Но в эту пору он как бы начинался сызнова, рождался заново как писатель. Он недавно только возвратился из безвестной азиатской глуши, из Сибири, из забытого богом Урянхайского края, чтобы стать писателем Василием Яном,— возвращался с новыми надеждами, замыслами, увлечениями, обогащенный трудным периодом жизни, удивительно нерастраченный, свежий, готовый воспринять новую действительность, новый быт и новых людей.
В этой свежести, в конструктивности натуры, может быть, и кроется главная тайна его личности, главный ее движитель.
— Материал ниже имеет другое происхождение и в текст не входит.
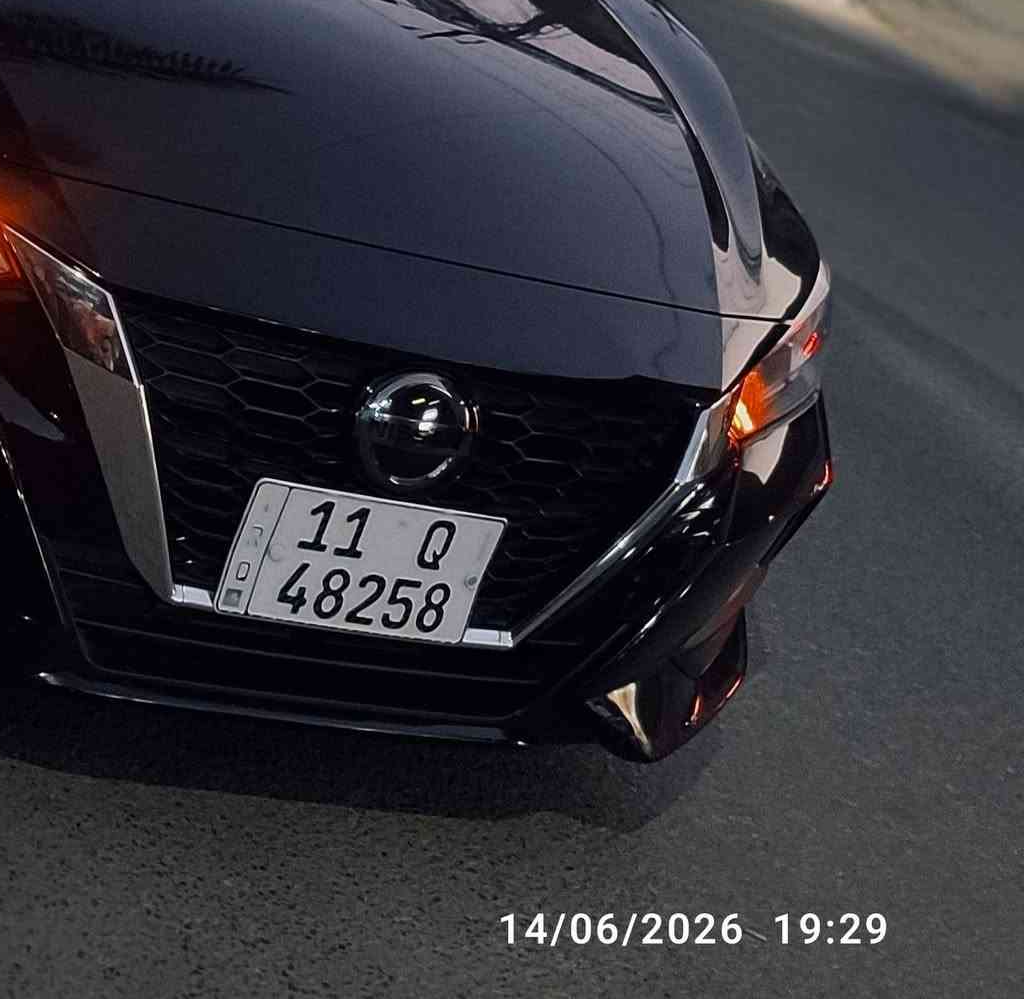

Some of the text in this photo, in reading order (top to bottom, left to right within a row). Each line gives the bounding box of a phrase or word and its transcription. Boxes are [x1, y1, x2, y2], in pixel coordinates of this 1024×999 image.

[297, 500, 371, 559] 11
[416, 520, 456, 570] Q
[277, 563, 451, 633] 48258
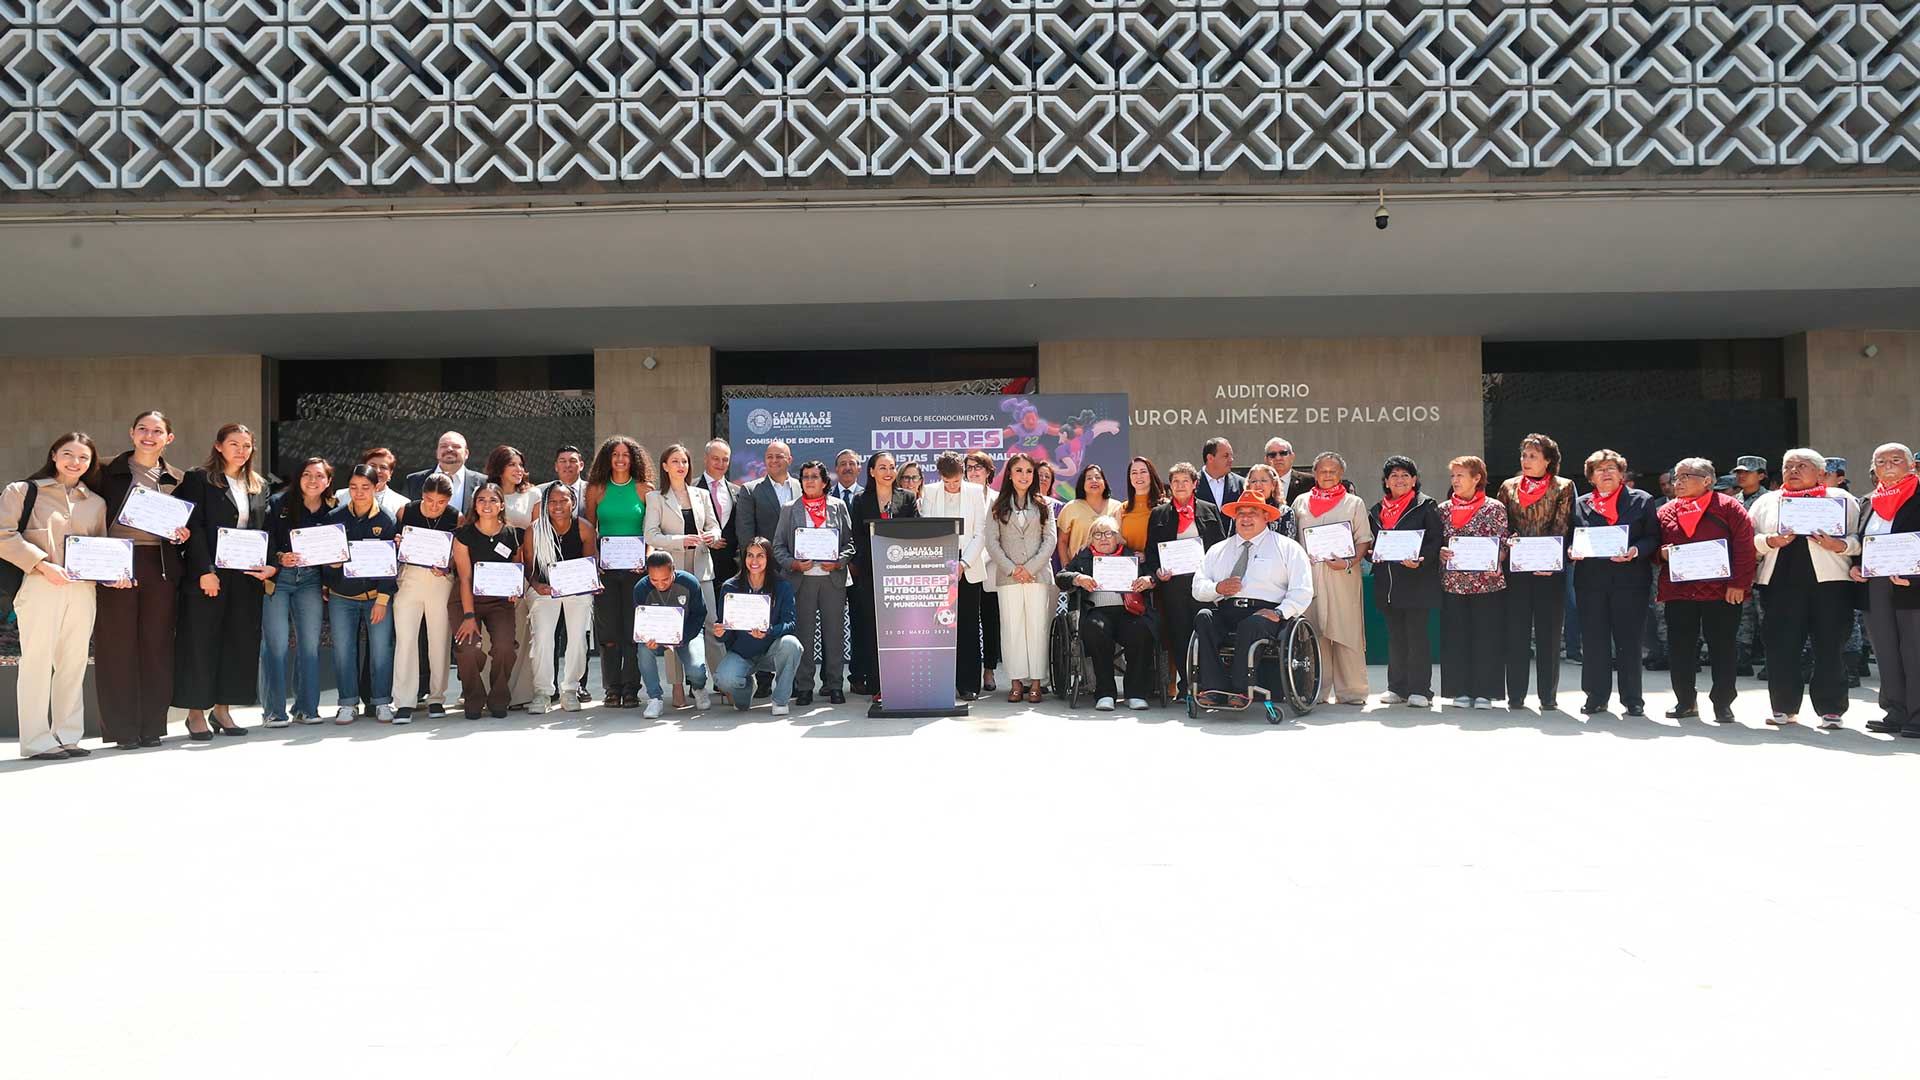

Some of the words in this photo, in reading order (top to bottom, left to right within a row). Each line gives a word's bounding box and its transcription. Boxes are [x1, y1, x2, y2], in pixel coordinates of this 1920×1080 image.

[1216, 384, 1309, 398] AUDITORIO
[1216, 403, 1298, 424] JIMÉNEZ
[1306, 408, 1329, 423] DE
[1338, 406, 1440, 422] PALACIOS
[876, 431, 1000, 448] MUJERES
[1023, 436, 1039, 446] 22
[884, 586, 948, 594] FUTBOLISTAS
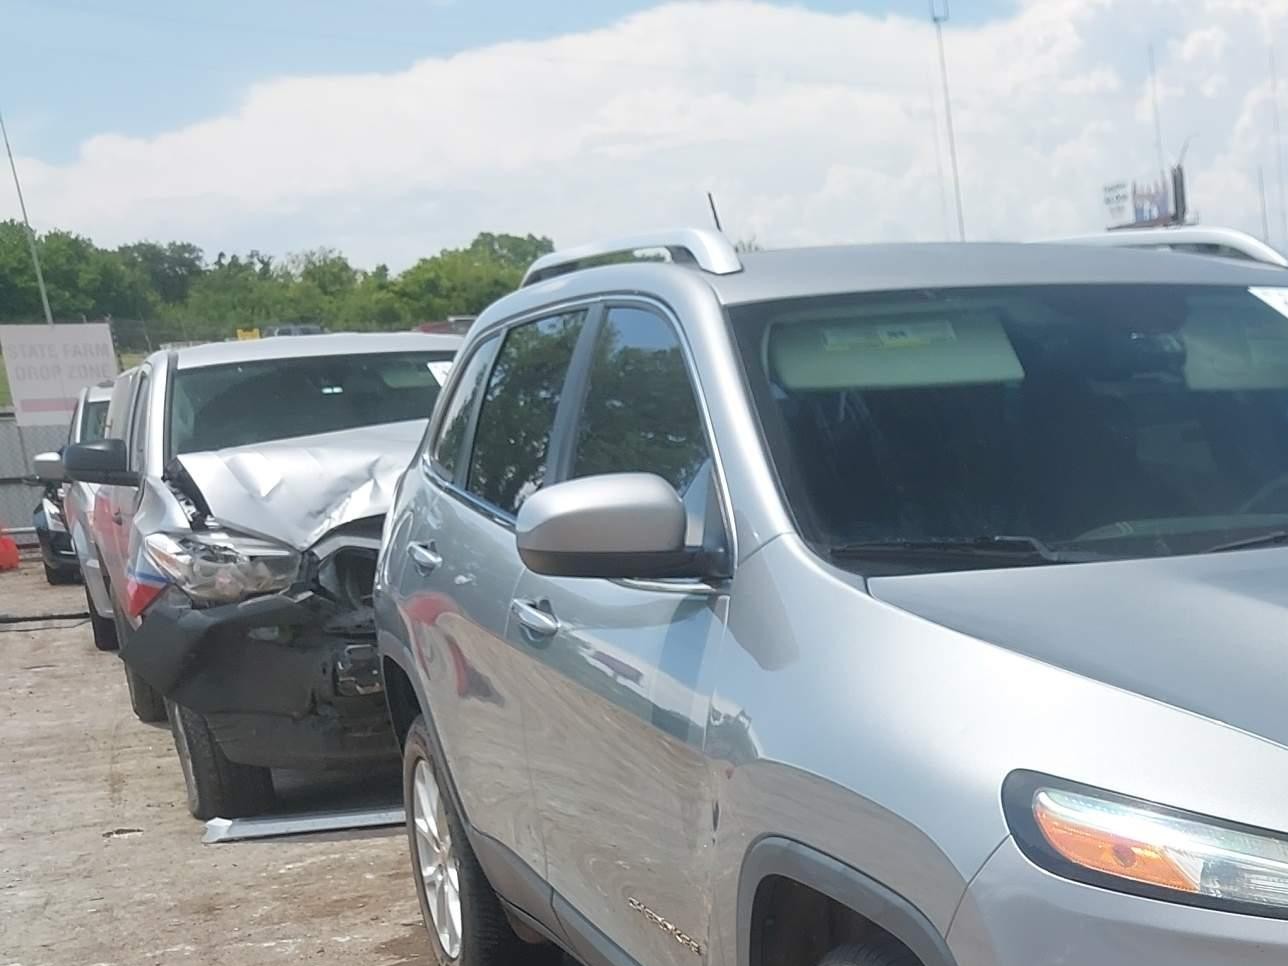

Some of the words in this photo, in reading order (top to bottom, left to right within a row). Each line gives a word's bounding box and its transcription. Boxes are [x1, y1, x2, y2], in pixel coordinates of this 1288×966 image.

[7, 343, 58, 360] STATE
[63, 342, 110, 358] FARM
[15, 364, 62, 381] DROP
[68, 363, 112, 379] ZONE
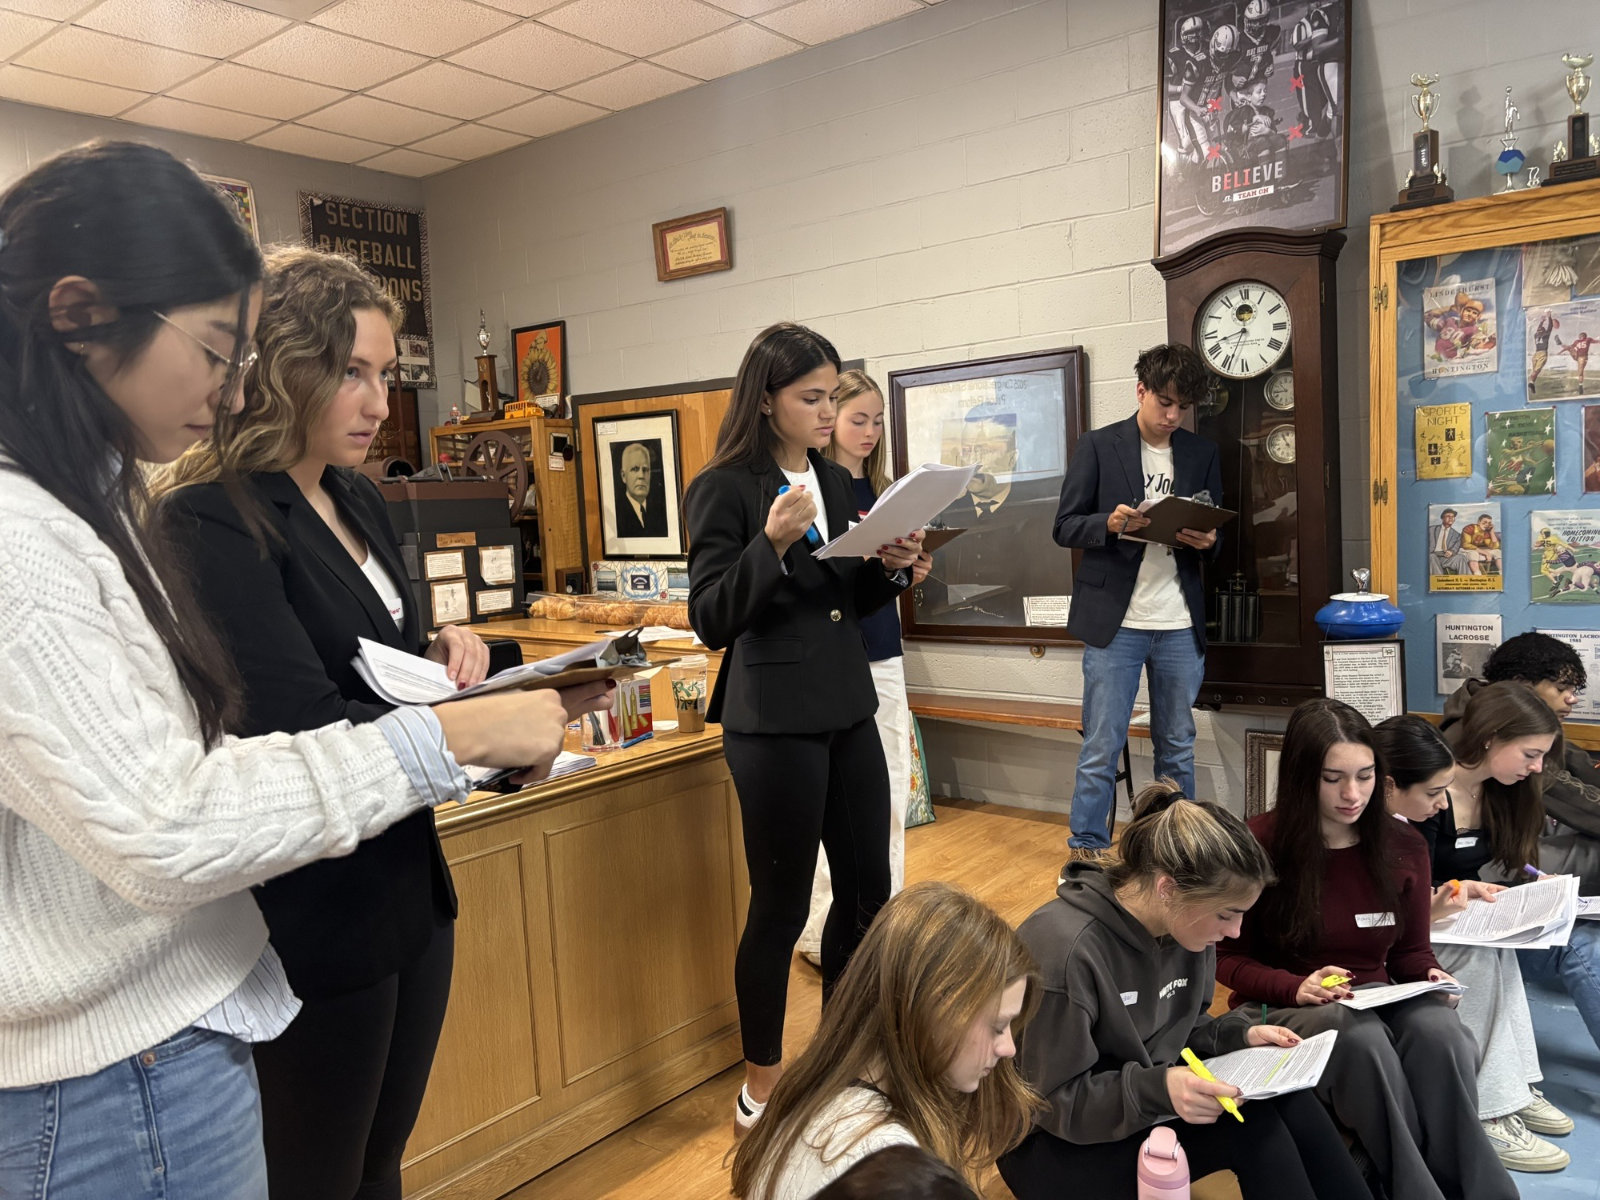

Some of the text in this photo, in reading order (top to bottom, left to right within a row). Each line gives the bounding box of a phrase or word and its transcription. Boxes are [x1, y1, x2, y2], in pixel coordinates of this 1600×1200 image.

[1212, 161, 1283, 192] BELIEVE
[1237, 189, 1257, 200] TEAM
[325, 202, 407, 236] SECTION
[319, 234, 416, 269] BASEBALL
[1430, 284, 1490, 298] LINDEHURST
[1423, 404, 1467, 418] SPORTS
[1427, 415, 1460, 426] NIGHT
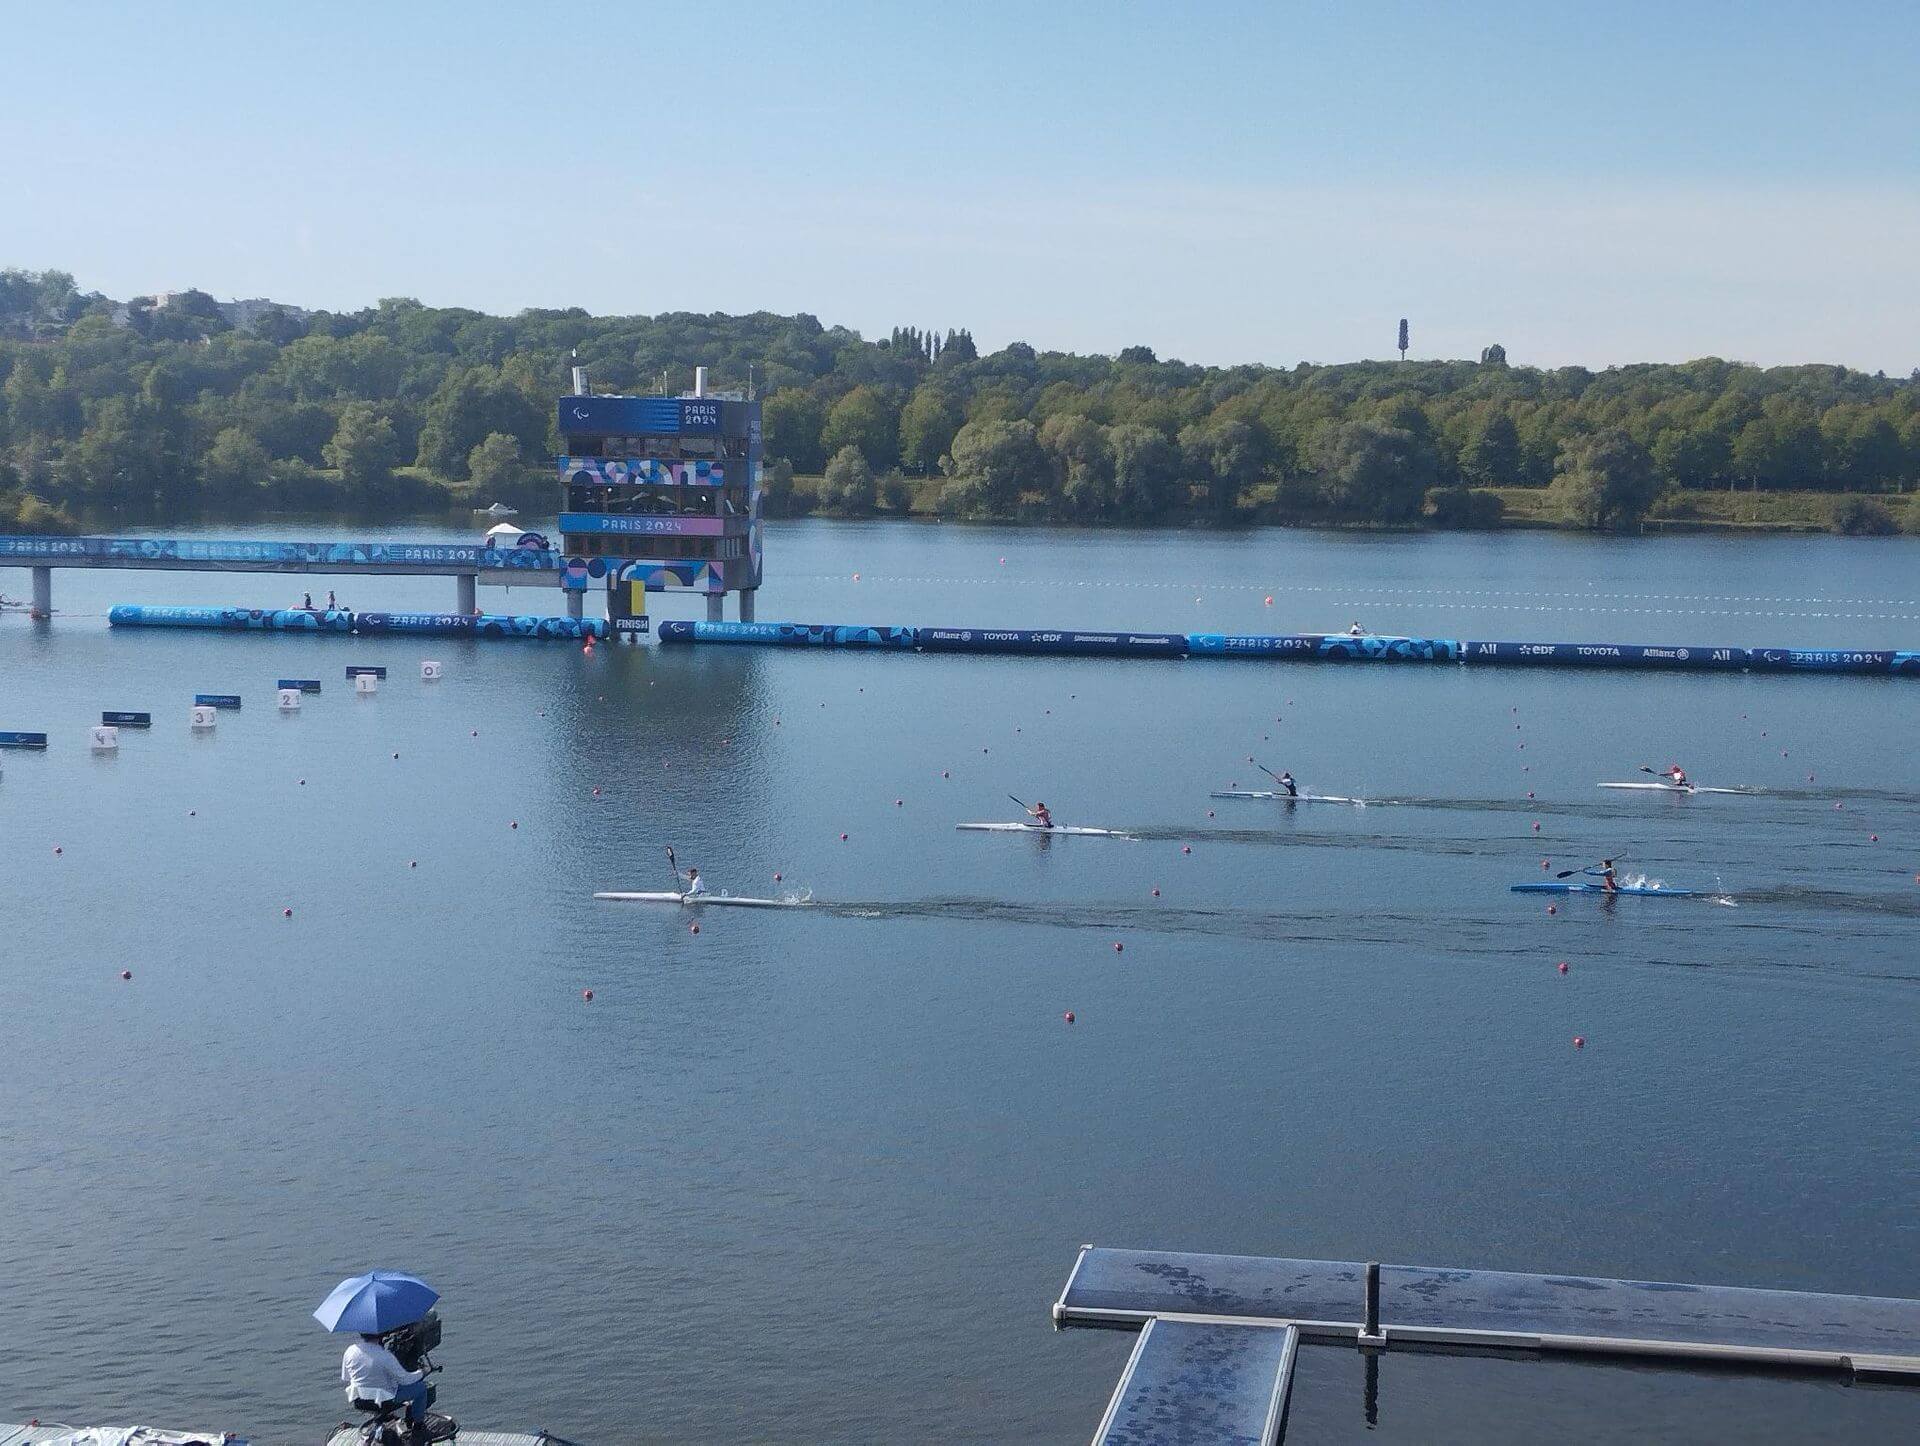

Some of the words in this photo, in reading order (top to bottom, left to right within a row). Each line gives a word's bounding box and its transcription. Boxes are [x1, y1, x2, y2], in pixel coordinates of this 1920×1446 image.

Удивительной, почти чудесной, была черта приятия новой жизни у человека давно сложившегося, прожившего полвека в иной среде, в ином окружении, чудесной казалась эта способность оставить где-то, в прежних годах, громоздкий и замысловатый багаж прошлого и легкой походкой пойти навстречу трудностям и бедам, заботам и потерям последней трети своей жизни.
Он был путешественник, странник по натуре, и хорошо знал, что лучше брести налегке. В нескольких своих повестях он описывал этого странника, мудреца, бредущего по земле с легким грузом мудрости, грузом, который, нарастая, не тяжелеет. Он как бы шел поверх вещественного мира, из него забрав только образы книг.
«Поспеши сказать доброе слово встречному, может быть, больше не придется свидеться»,— эта восточная поговорка была эпиграфом к одной из повестей Яна. Она могла бы быть девизом, начертанным на его гербе.
Вскоре после памятного лета Янчевецкие уехали в Самарканд. Оттуда Мария Алексеевна регулярно писала письма моей матери. А когда Янчевецкие возвратились в Москву, возобновилось общение с ними. Не могу точно припомнить, сразу ли они поселились на углу Скатертного и Большой Никитской, почти напротив церкви, где венчался Пушкин, но хорошо помню их две комнаты в коммунальной квартире. В большей, проходной, стоял стол, за которым принимали гостей. Кажется, другой приметной мебели там не было. Были только книги, которые неизвестно как заводились при скромных средствах семьи.
...Книги Василия Григорьевича производили на меня сильное впечатление и оказали большое влияние на мое раннее развитие.
Выход «Финикийского корабля» был важным событием для всех, кто окружал писателя в те годы. У нас в доме появился экземпляр с автографом, которым гордились и показывали знакомым и родственникам.
«Финикийский корабль» был одной из любимых книг моего детства. Среди иллюстраций там была таблица с финикийским алфавитом. Я выучился писать финикийские буквы, сопоставил их с русским алфавитом и, заводя дневник, писал в нем финикийскими буквами, что спасало мои записи от любопытных.
«Финикийский корабль» я начал излагать в стихах. Но столь огромный замысел оказался мне не по силам.
Очень любил я и «Спартака», который кажется мне лучше известной книги Джованьоли. Его я стал перекладывать в стихотворную драму. Прочитал первое действие Василию Григорьевичу. Он меня похвалил. Я же сам своим творением не был доволен и однажды, в припадке творческого отчаяния, стал рвать тетрадку с диалогами в пятистопных ямбах. Потом остыл. Тетрадка, надорванная, так и сохранилась в числе немногих моих детских писаний.
После «Спартака» я отважился написать новую поэму, уже самостоятельную, тоже на историческую тему — «Жакерия».
В моем раннем интересе к истории тоже вижу я влияние Василия Григорьевича.
Подарил мне книжку Овсянико-Куликовского, первый мой учебник стихосложения.
К моим детским попыткам Василий Григорьевич относился со спокойным доброжелательством. Он был опытный педагог и знал, как могут изломать жизнь и характер неоправданные надежды. Многие дети рисуют или пишут стихи. Нельзя относиться к ним как к будущим художникам. Отец мой так высоко чтил звание писателя, что долго не мог подумать, что я стану литератором. А мама готова была «делать волну». Отношение Василия Григорьевича помогло мне расти естественнее, сохраняя стыдливость творчества.